Task: A word-for-word copy of the entries is the goal; leave out the pictures.

- Opening Delimiter -

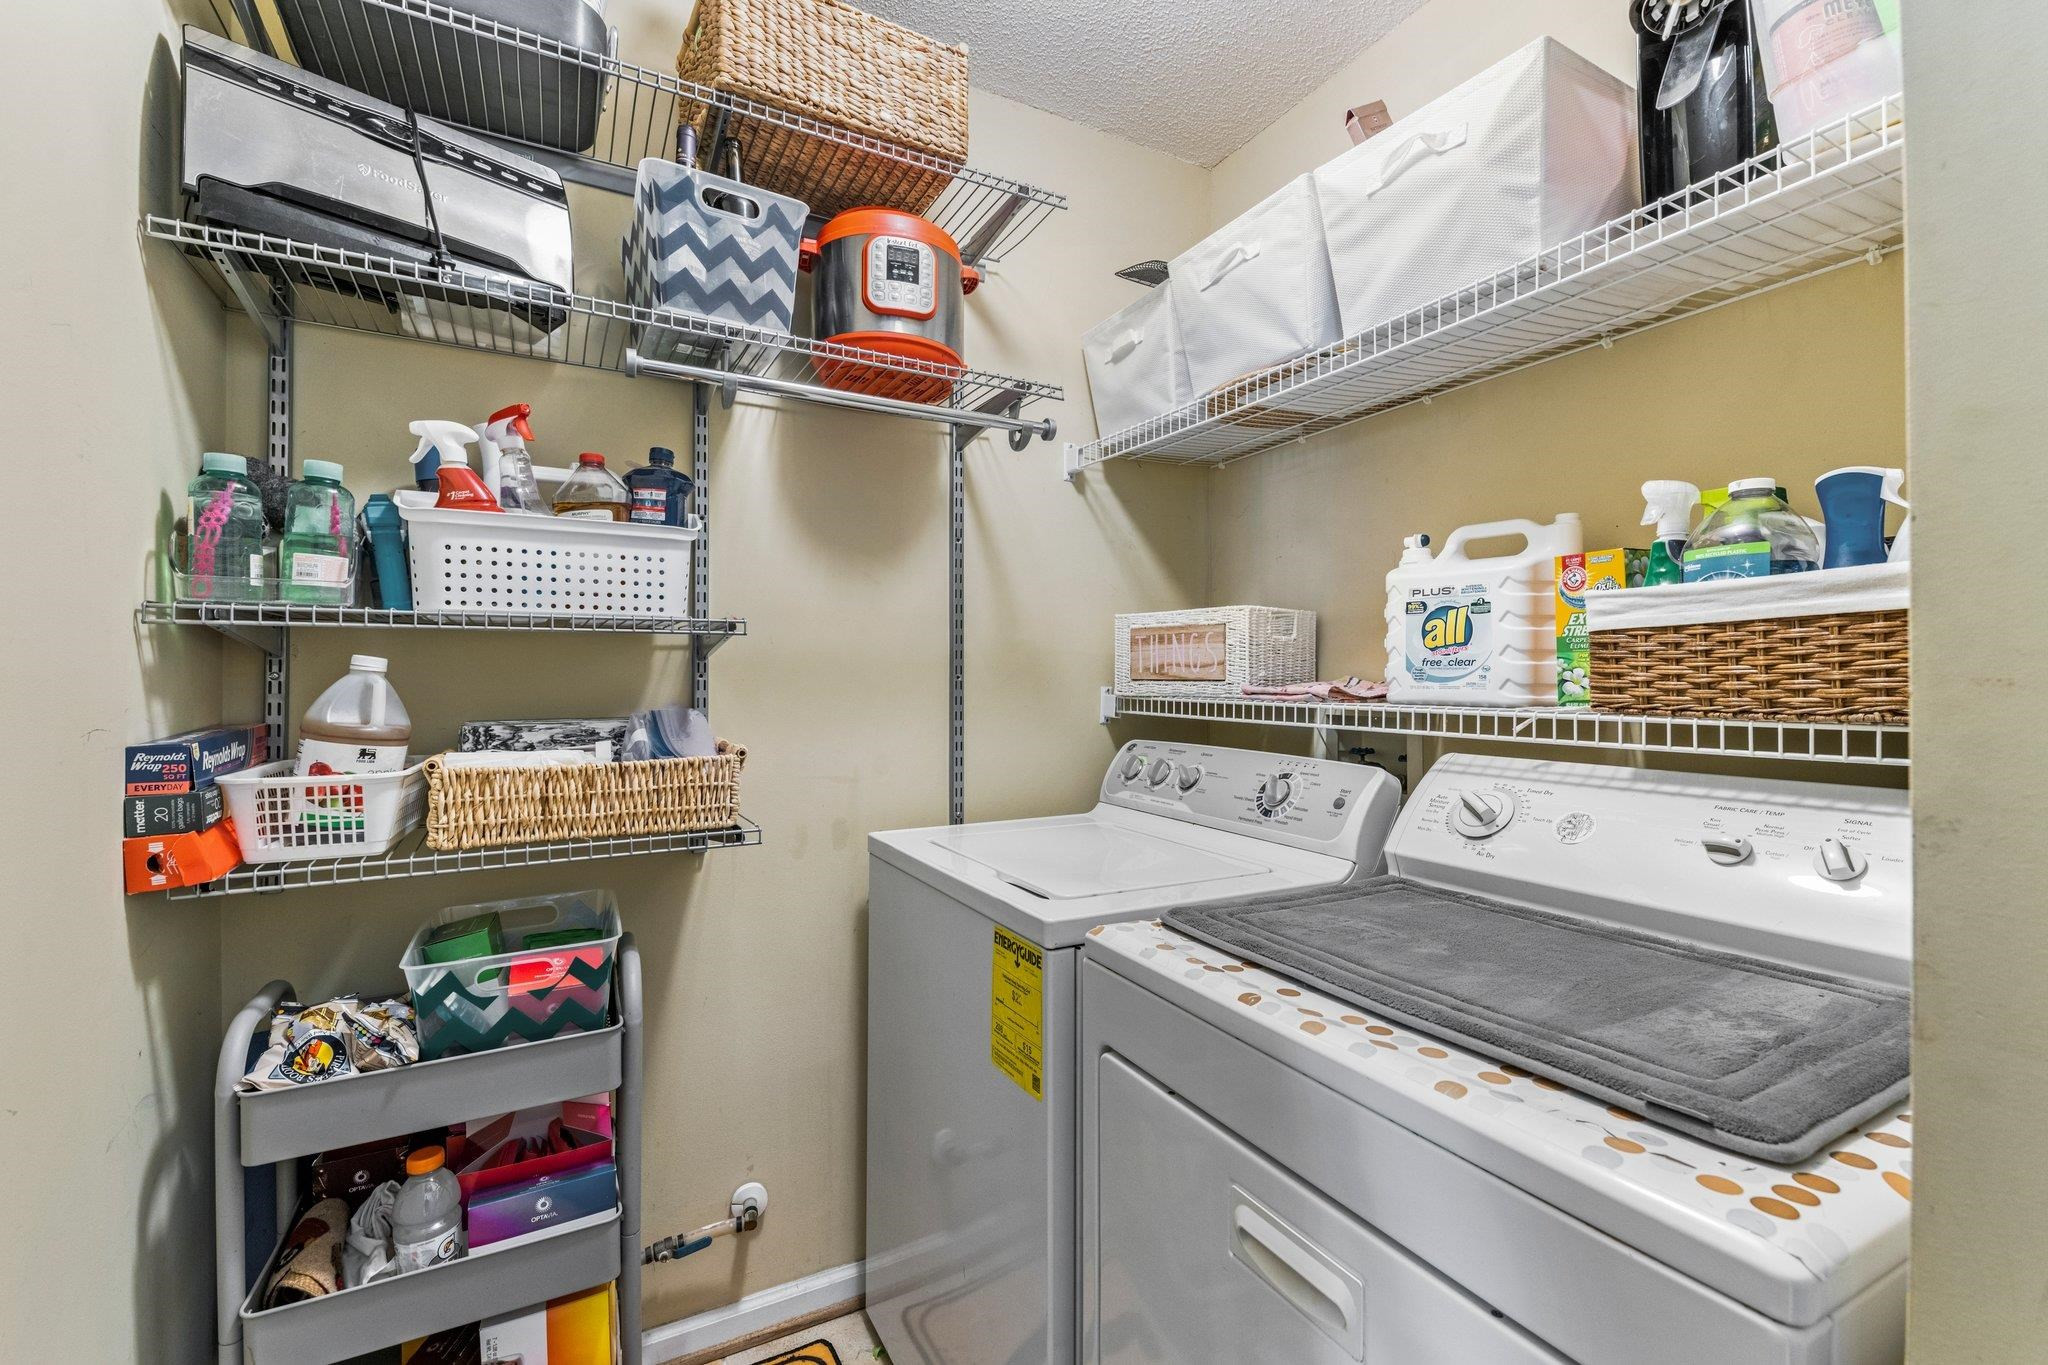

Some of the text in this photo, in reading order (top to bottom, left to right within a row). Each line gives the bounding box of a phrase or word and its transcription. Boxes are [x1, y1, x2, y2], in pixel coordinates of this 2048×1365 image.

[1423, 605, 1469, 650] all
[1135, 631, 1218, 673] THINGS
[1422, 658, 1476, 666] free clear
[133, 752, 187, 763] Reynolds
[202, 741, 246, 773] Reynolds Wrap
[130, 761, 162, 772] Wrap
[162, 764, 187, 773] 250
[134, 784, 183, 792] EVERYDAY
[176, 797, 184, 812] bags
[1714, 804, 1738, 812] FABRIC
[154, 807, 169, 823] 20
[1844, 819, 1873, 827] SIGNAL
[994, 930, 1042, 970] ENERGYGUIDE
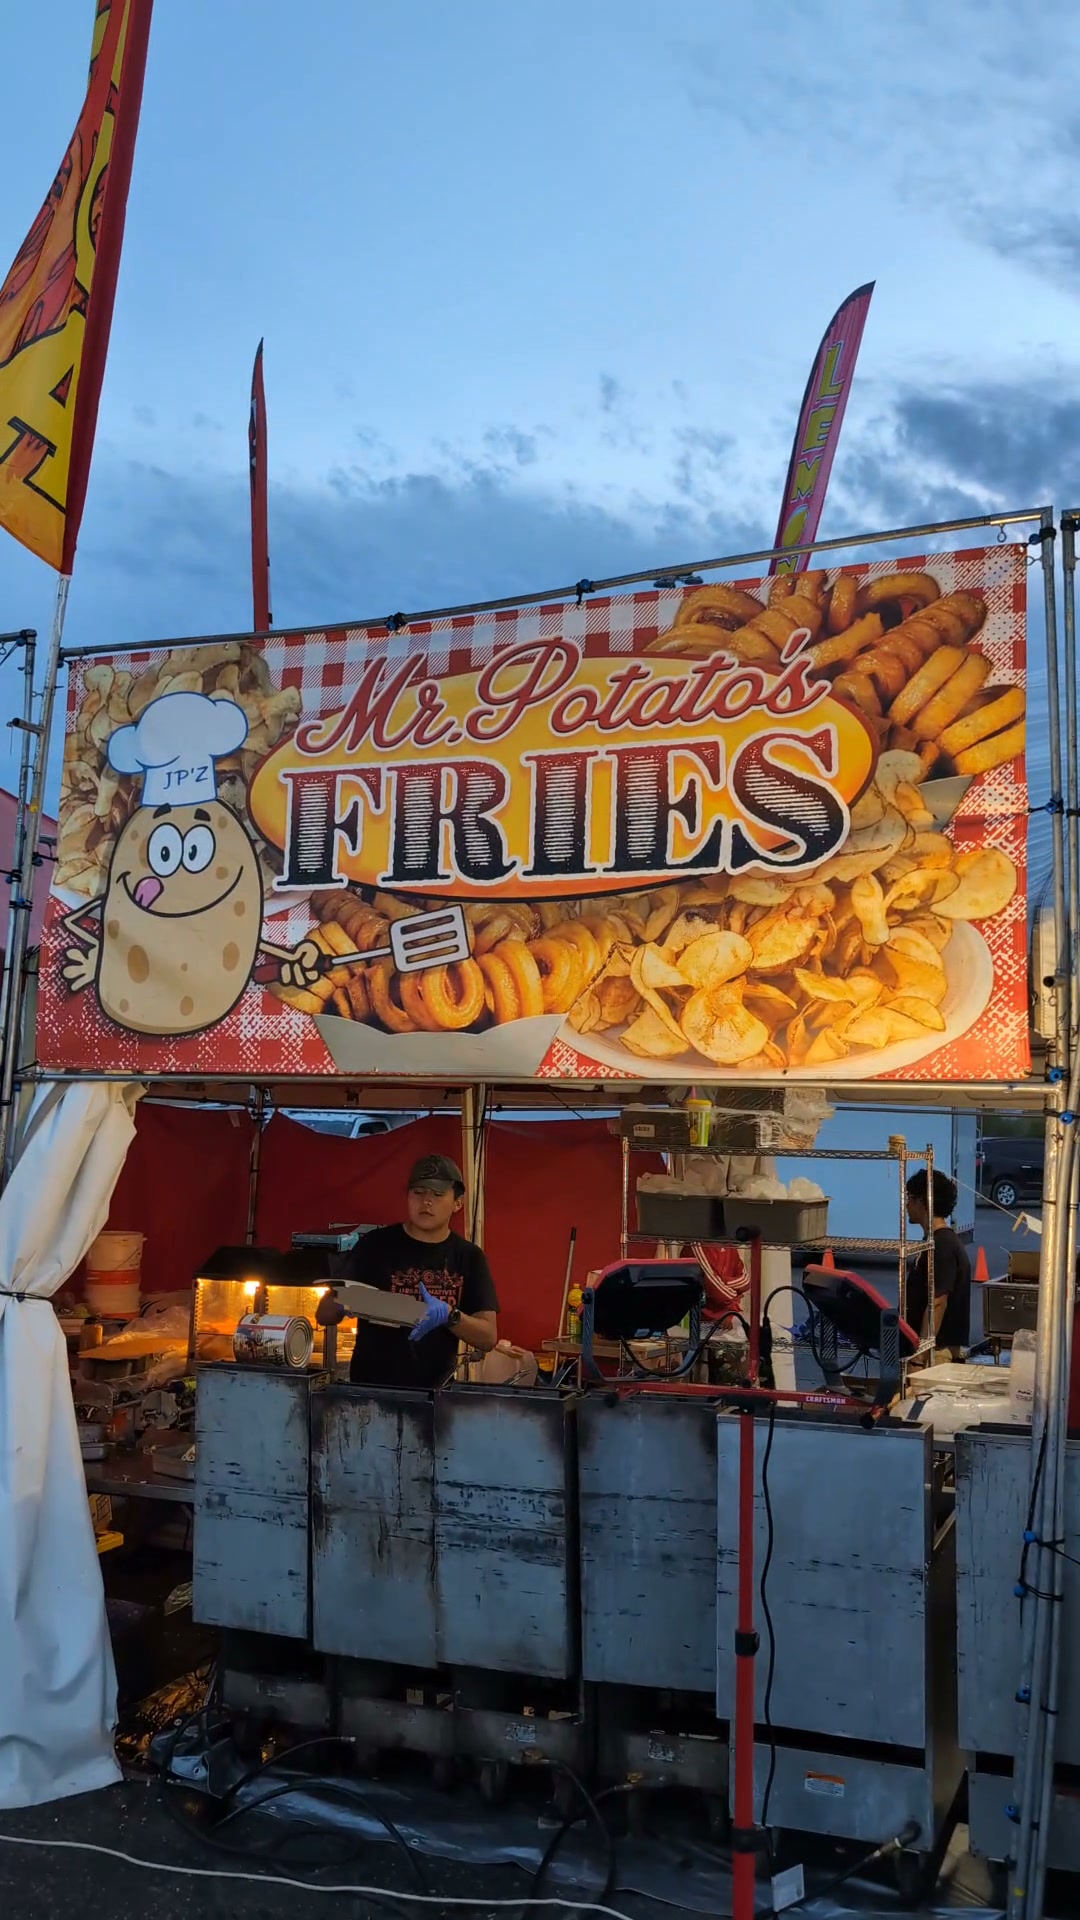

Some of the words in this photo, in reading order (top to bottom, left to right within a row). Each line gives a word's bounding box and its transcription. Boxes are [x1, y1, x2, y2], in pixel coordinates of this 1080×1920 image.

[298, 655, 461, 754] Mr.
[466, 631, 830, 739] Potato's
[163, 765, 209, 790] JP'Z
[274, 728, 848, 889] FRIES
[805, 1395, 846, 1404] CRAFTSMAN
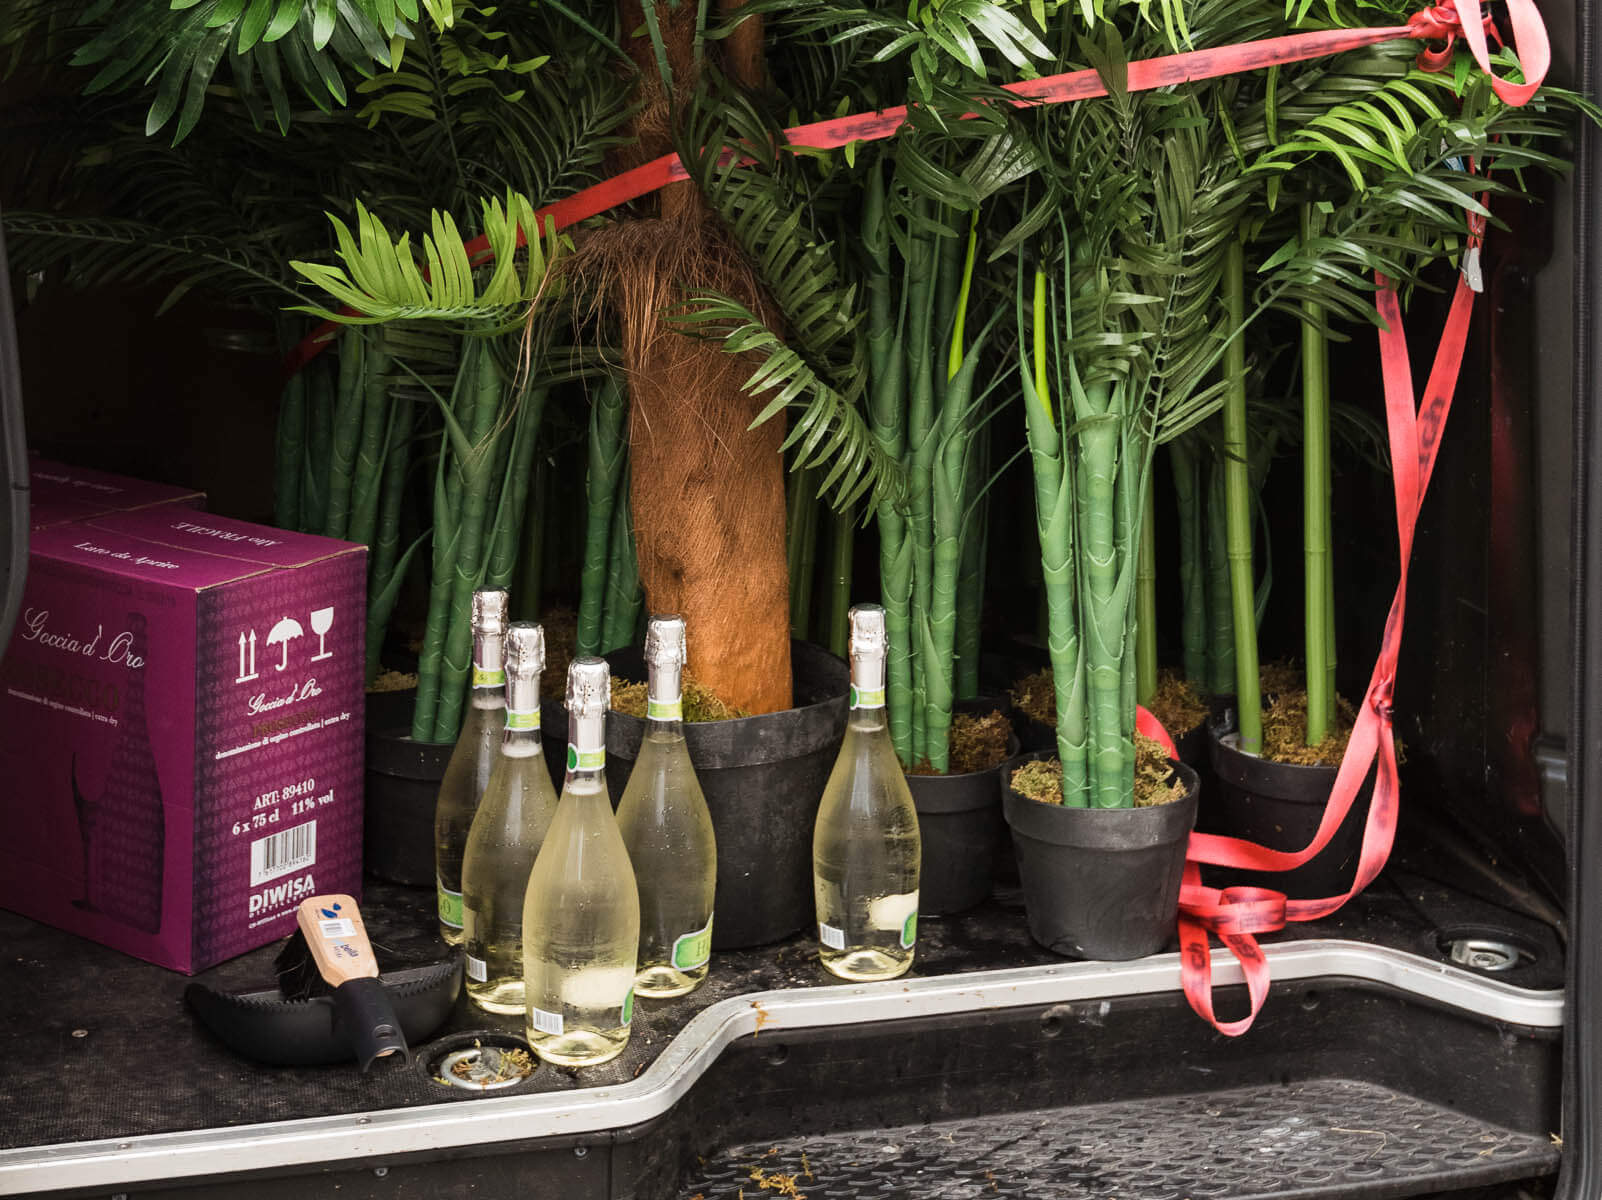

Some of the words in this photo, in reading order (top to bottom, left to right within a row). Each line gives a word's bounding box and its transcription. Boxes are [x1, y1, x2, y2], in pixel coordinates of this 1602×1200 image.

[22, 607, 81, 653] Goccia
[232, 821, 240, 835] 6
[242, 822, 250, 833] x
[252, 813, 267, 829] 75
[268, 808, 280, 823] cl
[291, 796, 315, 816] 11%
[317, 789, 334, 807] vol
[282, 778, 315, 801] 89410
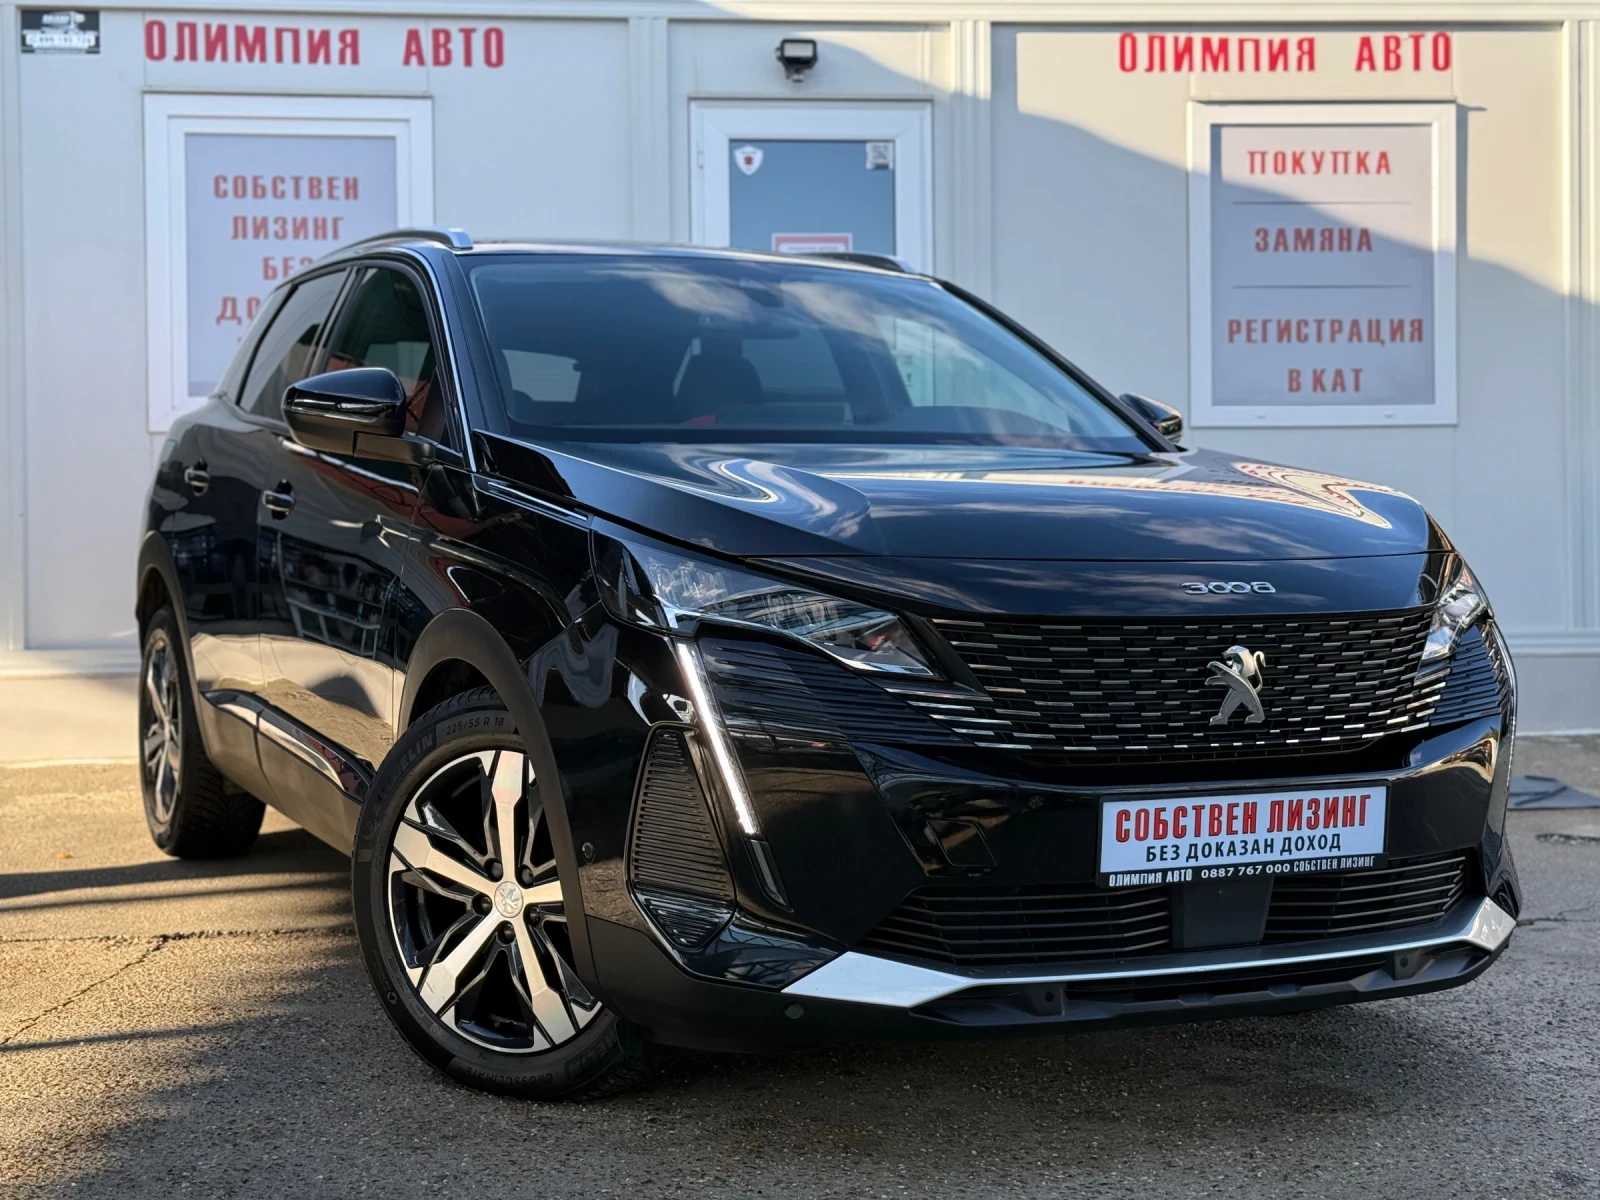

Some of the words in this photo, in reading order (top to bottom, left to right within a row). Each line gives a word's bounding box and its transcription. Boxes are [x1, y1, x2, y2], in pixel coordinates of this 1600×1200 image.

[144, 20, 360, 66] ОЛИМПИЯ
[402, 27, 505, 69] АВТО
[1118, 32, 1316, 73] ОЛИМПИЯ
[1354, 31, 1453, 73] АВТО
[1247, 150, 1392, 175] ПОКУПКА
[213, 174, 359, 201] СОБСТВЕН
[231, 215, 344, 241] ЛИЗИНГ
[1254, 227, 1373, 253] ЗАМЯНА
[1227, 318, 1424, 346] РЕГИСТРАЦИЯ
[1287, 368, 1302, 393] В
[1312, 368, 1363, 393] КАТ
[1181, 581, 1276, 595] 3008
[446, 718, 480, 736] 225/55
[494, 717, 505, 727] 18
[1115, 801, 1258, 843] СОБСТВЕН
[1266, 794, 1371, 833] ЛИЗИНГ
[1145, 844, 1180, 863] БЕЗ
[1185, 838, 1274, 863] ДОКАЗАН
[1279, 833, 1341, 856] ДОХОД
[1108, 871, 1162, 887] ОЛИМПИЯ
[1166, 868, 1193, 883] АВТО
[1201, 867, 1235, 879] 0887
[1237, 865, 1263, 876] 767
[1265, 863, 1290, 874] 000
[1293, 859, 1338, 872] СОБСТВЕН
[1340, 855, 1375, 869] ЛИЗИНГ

- Closing Delimiter -

Completed exercise:
Some of the text in this photo, in reading order (top to bottom, left to right within a row). Each line gives the bounding box of a phrase or word and its transcription. Boxes are [x1, y1, x2, y2], in pixel coordinates of this 2048×1365 image.

[1423, 605, 1469, 650] all
[1135, 631, 1218, 673] THINGS
[1422, 658, 1476, 666] free clear
[133, 752, 187, 763] Reynolds
[202, 741, 246, 773] Reynolds Wrap
[130, 761, 162, 772] Wrap
[162, 764, 187, 773] 250
[134, 784, 183, 792] EVERYDAY
[176, 797, 184, 812] bags
[1714, 804, 1738, 812] FABRIC
[154, 807, 169, 823] 20
[1844, 819, 1873, 827] SIGNAL
[994, 930, 1042, 970] ENERGYGUIDE

Some of the words in this photo, in reading order (top to bottom, left to right within a row). Each line gives a word's bounding box and its transcription. Boxes are [x1, y1, x2, y2], in pixel coordinates of this 1080×1920 image.

[298, 655, 461, 754] Mr.
[466, 631, 830, 739] Potato's
[163, 765, 209, 790] JP'Z
[274, 728, 848, 889] FRIES
[805, 1395, 846, 1404] CRAFTSMAN

Some of the words in this photo, in reading order (top to bottom, left to right within a row). Each line gives a word's bounding box and its transcription. Boxes are [x1, y1, x2, y2], in pixel coordinates of this 1602×1200 image.

[22, 607, 81, 653] Goccia
[232, 821, 240, 835] 6
[242, 822, 250, 833] x
[252, 813, 267, 829] 75
[268, 808, 280, 823] cl
[291, 796, 315, 816] 11%
[317, 789, 334, 807] vol
[282, 778, 315, 801] 89410

Some of the words in this photo, in reading order (top to bottom, left to right within a row). Each line gives a word's bounding box and its transcription. Boxes are [x1, y1, x2, y2], in pixel coordinates of this 1600×1200 image.

[144, 20, 360, 66] ОЛИМПИЯ
[402, 27, 505, 69] АВТО
[1118, 32, 1316, 73] ОЛИМПИЯ
[1354, 31, 1453, 73] АВТО
[1247, 150, 1392, 175] ПОКУПКА
[213, 174, 359, 201] СОБСТВЕН
[231, 215, 344, 241] ЛИЗИНГ
[1254, 227, 1373, 253] ЗАМЯНА
[1227, 318, 1424, 346] РЕГИСТРАЦИЯ
[1287, 368, 1302, 393] В
[1312, 368, 1363, 393] КАТ
[1181, 581, 1276, 595] 3008
[446, 718, 480, 736] 225/55
[494, 717, 505, 727] 18
[1115, 801, 1258, 843] СОБСТВЕН
[1266, 794, 1371, 833] ЛИЗИНГ
[1145, 844, 1180, 863] БЕЗ
[1185, 838, 1274, 863] ДОКАЗАН
[1279, 833, 1341, 856] ДОХОД
[1108, 871, 1162, 887] ОЛИМПИЯ
[1166, 868, 1193, 883] АВТО
[1201, 867, 1235, 879] 0887
[1237, 865, 1263, 876] 767
[1265, 863, 1290, 874] 000
[1293, 859, 1338, 872] СОБСТВЕН
[1340, 855, 1375, 869] ЛИЗИНГ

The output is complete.